Prime Minister Sheikh Hasina launched the campaign ahead of a general election due by December, but the killings have prompted fears among rights groups of a bloody Philippine-style campaign to wipe out drugs.

The Narcotics Control Act defines methamphetamines, also known as “yaba”, and other drugs, such as “shisha”, as narcotics for the first time, Cabinet Secretary Mohammad Shafiul Alam told reporters after the meeting chaired by Hasina.

“It proposes the death sentence as maximum punishment for producing, smuggling, distributing and using more than 5 gm of ‘yaba’,” he said, adding that possession of less than 5 gm (0.18 oz) would attract a maximum jail term of five years.

Alam said the stern punishment was needed to curb the spread of the highly potent stimulant smuggled in from neighbouring Myanmar.

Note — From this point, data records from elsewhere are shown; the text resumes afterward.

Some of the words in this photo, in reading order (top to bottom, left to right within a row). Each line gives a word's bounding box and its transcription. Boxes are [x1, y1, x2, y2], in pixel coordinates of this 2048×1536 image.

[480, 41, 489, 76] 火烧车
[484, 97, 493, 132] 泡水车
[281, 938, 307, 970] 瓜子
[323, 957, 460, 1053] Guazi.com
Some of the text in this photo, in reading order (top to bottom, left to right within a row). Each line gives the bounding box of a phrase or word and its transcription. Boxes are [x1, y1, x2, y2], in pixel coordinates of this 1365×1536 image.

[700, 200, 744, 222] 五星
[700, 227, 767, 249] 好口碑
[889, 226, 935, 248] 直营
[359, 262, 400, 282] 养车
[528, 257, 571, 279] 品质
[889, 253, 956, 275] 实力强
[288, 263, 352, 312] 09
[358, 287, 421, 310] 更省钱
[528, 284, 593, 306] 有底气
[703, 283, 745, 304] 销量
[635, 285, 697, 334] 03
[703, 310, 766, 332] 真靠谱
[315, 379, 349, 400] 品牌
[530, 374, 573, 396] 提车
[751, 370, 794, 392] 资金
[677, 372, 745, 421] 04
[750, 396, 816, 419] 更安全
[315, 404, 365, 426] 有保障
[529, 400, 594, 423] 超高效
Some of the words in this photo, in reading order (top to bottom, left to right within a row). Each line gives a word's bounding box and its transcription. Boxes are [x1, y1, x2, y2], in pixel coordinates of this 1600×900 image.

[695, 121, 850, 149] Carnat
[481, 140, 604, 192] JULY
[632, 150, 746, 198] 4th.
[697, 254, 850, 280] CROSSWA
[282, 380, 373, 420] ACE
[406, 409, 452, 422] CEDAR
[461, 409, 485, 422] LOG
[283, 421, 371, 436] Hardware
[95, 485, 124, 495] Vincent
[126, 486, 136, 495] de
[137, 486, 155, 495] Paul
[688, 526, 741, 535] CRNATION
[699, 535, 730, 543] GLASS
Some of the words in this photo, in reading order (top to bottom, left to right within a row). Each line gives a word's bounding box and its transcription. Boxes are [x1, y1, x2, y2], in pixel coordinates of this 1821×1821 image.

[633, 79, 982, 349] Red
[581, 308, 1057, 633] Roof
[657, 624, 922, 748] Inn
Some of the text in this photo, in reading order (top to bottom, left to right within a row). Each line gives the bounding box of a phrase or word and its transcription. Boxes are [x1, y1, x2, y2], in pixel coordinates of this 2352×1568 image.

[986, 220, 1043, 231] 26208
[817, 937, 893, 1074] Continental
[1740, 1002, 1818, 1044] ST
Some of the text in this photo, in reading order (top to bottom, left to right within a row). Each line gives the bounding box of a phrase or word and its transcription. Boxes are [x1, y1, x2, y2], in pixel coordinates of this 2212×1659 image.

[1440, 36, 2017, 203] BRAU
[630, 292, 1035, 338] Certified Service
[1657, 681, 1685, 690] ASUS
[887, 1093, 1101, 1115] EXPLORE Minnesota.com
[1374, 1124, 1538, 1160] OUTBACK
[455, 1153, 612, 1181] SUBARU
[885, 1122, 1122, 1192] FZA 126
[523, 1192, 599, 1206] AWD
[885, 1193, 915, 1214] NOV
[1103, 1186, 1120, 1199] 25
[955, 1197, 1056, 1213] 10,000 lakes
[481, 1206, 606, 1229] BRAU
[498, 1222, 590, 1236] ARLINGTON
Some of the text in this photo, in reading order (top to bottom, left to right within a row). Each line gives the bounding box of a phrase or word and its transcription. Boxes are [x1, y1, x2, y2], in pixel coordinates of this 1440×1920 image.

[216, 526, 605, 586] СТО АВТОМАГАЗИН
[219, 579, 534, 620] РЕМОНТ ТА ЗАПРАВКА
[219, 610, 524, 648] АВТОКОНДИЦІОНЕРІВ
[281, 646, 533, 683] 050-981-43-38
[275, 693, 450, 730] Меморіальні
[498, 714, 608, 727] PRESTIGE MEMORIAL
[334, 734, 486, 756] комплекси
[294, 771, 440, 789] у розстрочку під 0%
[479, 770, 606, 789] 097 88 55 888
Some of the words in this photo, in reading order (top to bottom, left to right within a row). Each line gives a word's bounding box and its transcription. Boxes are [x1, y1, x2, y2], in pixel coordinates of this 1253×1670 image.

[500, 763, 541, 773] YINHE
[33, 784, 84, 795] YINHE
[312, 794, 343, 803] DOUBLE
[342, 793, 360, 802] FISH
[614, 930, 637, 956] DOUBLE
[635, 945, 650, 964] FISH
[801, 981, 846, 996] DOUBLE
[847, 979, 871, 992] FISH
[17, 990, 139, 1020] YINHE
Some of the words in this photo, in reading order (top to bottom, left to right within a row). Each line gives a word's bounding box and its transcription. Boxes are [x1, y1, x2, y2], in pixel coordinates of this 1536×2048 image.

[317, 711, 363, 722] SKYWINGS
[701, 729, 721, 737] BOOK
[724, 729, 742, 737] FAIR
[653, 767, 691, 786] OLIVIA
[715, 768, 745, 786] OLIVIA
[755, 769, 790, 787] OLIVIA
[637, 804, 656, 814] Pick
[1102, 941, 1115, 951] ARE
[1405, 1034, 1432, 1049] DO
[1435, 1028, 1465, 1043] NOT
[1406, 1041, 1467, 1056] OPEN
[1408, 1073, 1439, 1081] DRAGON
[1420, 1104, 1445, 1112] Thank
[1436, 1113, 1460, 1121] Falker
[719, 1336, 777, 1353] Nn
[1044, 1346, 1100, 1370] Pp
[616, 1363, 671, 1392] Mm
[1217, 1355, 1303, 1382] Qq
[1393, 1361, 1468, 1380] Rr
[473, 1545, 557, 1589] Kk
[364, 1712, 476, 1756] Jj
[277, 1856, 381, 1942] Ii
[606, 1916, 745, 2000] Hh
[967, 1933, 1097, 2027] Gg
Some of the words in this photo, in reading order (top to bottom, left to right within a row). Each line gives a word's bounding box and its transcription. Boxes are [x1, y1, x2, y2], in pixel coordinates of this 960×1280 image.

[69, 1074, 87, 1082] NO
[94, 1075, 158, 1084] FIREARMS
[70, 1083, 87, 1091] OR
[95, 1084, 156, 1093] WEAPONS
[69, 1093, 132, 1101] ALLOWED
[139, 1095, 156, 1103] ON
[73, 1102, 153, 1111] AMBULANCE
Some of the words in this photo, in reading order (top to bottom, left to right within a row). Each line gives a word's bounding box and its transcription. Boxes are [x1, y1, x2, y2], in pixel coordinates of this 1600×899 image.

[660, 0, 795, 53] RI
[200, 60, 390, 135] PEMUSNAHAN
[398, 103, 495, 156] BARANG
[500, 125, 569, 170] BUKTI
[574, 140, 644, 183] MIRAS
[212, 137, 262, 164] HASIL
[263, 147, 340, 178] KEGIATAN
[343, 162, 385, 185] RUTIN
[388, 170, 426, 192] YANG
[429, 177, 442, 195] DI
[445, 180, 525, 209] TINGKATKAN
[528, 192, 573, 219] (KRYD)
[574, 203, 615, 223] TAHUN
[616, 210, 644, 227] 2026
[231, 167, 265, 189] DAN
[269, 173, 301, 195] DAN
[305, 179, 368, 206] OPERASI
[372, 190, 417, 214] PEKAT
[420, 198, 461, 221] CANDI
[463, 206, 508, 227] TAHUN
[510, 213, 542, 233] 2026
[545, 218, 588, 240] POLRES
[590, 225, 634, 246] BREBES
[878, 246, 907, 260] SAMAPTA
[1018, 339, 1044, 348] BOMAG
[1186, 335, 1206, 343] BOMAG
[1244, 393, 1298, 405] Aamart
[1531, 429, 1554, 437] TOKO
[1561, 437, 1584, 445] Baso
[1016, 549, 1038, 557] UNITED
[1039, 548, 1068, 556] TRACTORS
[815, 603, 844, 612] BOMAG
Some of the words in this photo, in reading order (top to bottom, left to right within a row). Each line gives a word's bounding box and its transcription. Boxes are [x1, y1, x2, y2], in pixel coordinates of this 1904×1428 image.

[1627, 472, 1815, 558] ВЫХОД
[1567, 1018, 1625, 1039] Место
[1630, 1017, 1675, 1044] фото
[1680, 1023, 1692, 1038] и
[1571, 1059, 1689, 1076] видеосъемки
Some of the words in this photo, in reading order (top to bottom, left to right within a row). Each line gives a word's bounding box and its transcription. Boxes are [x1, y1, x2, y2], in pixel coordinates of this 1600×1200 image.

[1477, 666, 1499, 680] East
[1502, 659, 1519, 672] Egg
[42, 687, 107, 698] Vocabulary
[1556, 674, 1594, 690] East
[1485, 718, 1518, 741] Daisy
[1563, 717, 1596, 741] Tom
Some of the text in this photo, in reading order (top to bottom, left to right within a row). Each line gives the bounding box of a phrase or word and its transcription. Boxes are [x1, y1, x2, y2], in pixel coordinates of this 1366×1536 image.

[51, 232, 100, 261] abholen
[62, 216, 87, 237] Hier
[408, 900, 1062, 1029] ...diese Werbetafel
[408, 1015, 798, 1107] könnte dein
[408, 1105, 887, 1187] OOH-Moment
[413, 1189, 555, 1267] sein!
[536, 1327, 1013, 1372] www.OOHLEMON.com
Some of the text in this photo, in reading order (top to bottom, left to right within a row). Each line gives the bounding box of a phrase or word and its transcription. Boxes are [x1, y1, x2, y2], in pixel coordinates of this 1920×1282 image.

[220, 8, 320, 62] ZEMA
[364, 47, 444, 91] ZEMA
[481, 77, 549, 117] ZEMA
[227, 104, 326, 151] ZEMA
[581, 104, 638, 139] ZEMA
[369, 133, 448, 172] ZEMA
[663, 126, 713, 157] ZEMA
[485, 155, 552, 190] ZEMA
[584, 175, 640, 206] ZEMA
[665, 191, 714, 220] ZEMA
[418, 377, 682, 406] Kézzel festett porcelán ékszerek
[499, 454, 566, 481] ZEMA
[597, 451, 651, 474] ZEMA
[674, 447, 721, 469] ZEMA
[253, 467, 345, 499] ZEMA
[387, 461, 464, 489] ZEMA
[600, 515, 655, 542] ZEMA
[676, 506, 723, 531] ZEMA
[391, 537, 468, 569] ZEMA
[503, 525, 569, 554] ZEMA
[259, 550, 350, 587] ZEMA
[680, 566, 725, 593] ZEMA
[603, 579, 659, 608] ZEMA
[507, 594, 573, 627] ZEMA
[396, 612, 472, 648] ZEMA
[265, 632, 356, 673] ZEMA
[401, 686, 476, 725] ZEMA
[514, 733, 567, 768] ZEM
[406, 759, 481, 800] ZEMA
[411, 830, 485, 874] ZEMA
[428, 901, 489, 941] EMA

Bangladesh has said an influx last year of Rohingya fleeing Buddhist-majority Myanmar is partly to blame for soaring methamphetamine use.

But many Rohingya say their young people are being pushed into crime because they cannot legally work or, in many cases, receive aid.

Hasina has vowed to continue the campaign until Bangladesh is freed of the drug menace, but critics say it as a sign of her increasingly authoritarian rule ahead of the election.

In more than a third of the killings recorded by Dhaka-based human rights group Odhikar since mid-May, the suspects were arrested before they were killed.

The government has dismissed accusations of extrajudicial killings, saying the crackdown has popular support.